Columbia University, New York City, NY, USA.
Allen Institute for Brain Science, Seattle, WA, USA.
Nat Neurosci. 2020 Dec;23(12):1456-1468. doi: 10.1038/s41593-020-0685-8.
To understand the function of cortical circuits, it is necessary to catalog their cellular diversity. Past attempts to do so using anatomical, physiological or molecular features of cortical cells have not resulted in a unified taxonomy of neuronal or glial cell types, partly due to limited data. Single-cell transcriptomics is enabling, for the first time, systematic high-throughput measurements of cortical cells and generation of datasets that hold the promise of being complete, accurate and permanent. Statistical analyses of these data reveal clusters that often correspond to cell types previously defined by morphological or physiological criteria and that appear conserved across cortical areas and species. To capitalize on these new methods, we propose the adoption of a transcriptome-based taxonomy of cell types for mammalian neocortex. This classification should be hierarchical and use a standardized nomenclature. It should be based on a probabilistic definition of a cell type and incorporate data from different approaches, developmental stages and species. A community-based classification and data aggregation model, such as a knowledge graph, could provide a common foundation for the study of cortical circuits. This community-based classification, nomenclature and data aggregation could serve as an example for cell type atlases in other parts of the body.

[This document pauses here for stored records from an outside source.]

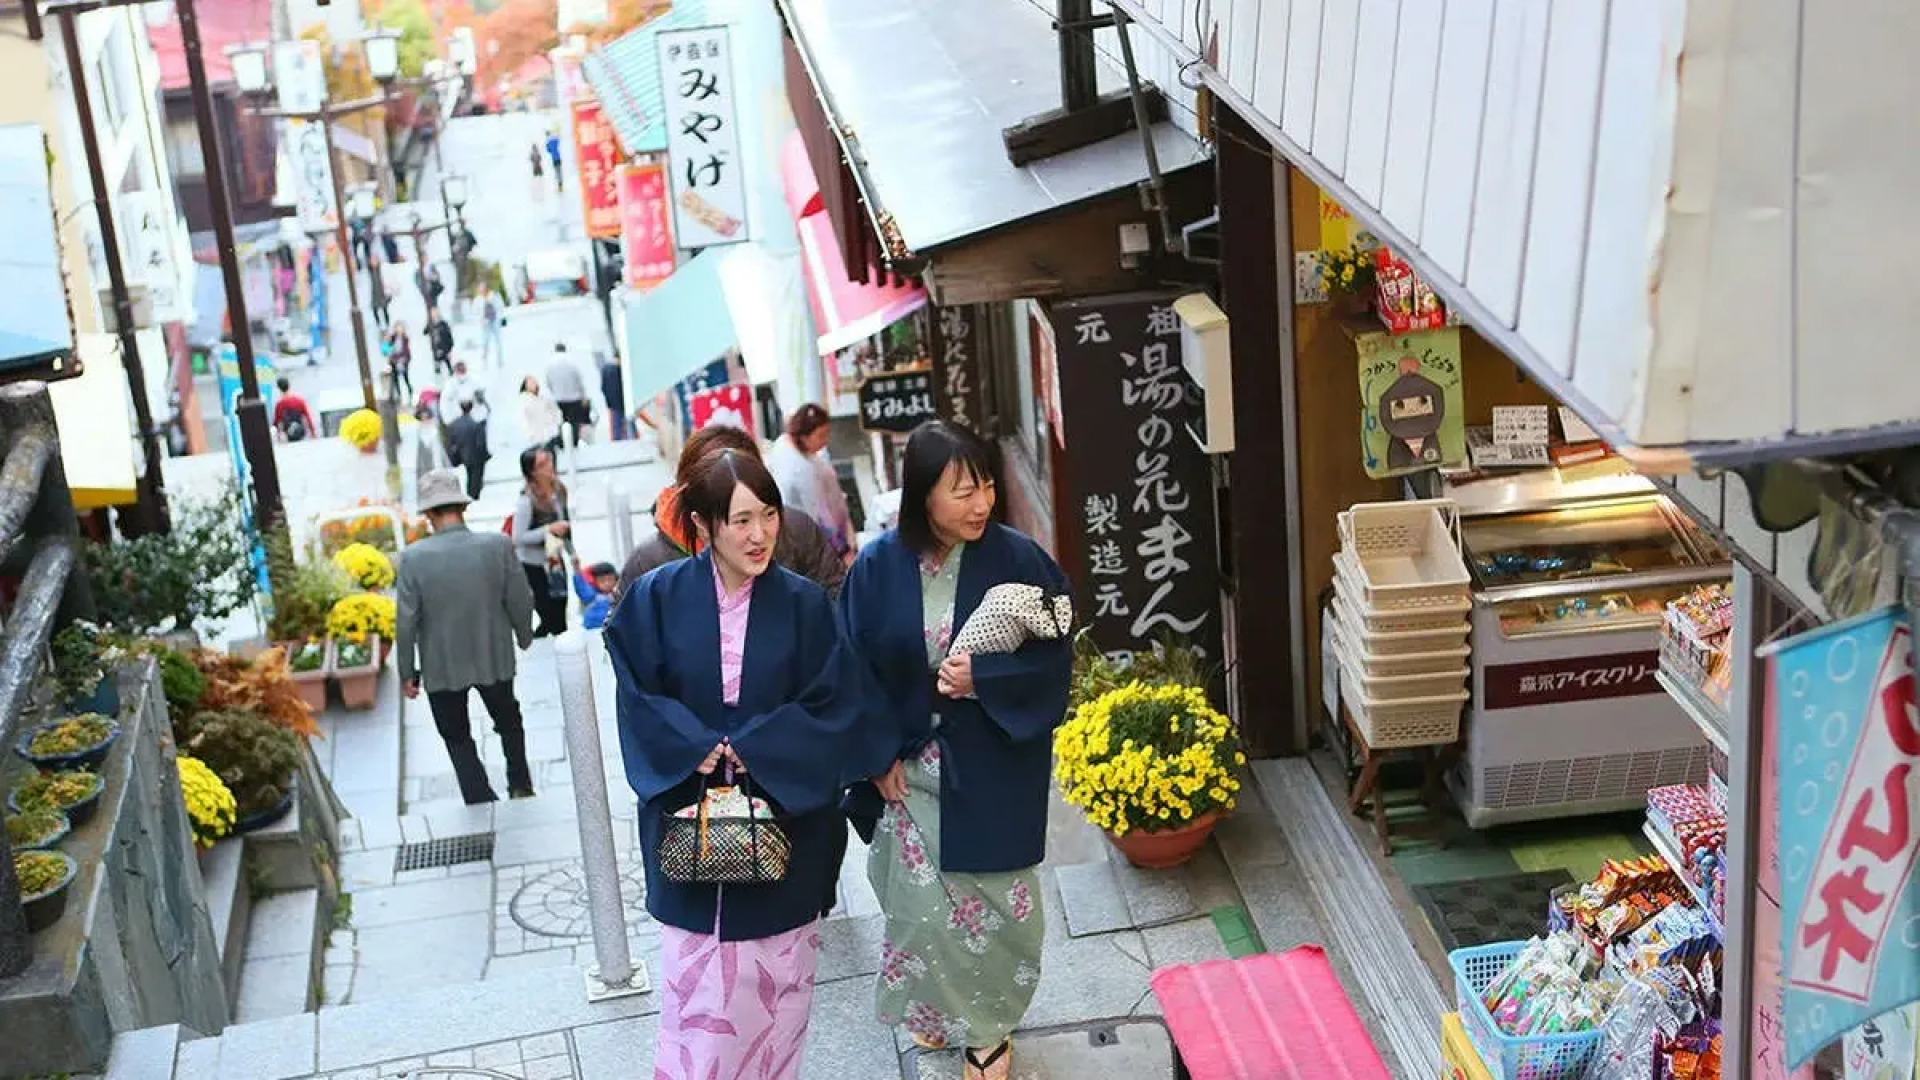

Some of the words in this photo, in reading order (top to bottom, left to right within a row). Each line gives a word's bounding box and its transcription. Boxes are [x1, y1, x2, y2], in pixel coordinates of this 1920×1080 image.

[678, 67, 729, 188] みやげ
[863, 393, 936, 420] すみよし
[1084, 492, 1130, 617] 製造元
[1119, 342, 1209, 662] 湯の花まん
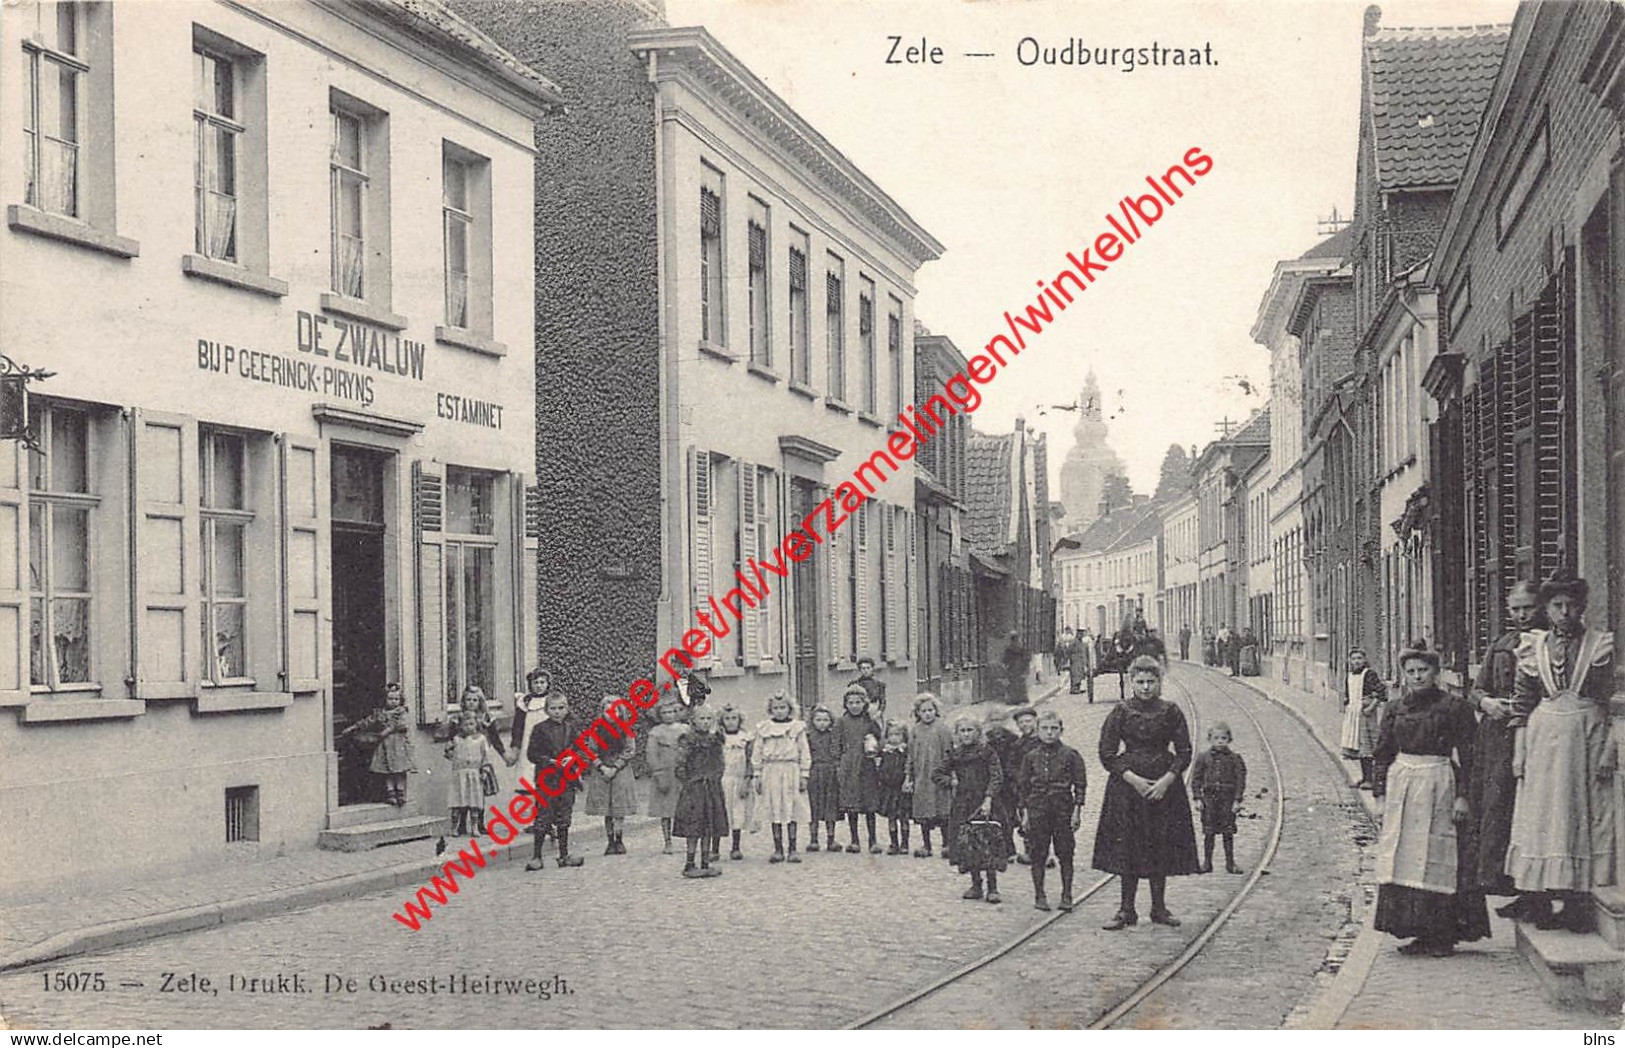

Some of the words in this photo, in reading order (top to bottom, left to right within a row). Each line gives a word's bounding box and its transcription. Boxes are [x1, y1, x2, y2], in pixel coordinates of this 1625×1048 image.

为了理解皮质回路的功能,有必要对其细胞多样性进行编目。过去,人们试图通过皮质细胞的解剖学、生理学或分子特征来实现这一目标,但并没有形成神经元或神经胶质细胞类型的统一分类法,部分原因是数据有限。单细胞转录组学首次能够对皮质细胞进行系统的高通量测量,并生成有望完整、准确和永久的数据集。对这些数据的统计分析揭示了经常与以前通过形态学或生理学标准定义的细胞类型相对应的簇,并且这些细胞类型似乎在皮质区域和物种中是保守的。为了充分利用这些新方法,我们建议采用基于转录组的哺乳动物新皮质细胞类型分类法。这种分类应该是分层的,并使用标准化的命名法。它应该基于细胞类型的概率定义,并整合来自不同方法、发育阶段和物种的数据。基于社区的分类和数据聚合模型,如知识图谱,可以为皮质回路的研究提供一个共同的基础。这种基于社区的分类、命名法和数据聚合可以作为身体其他部位细胞类型图谱的范例。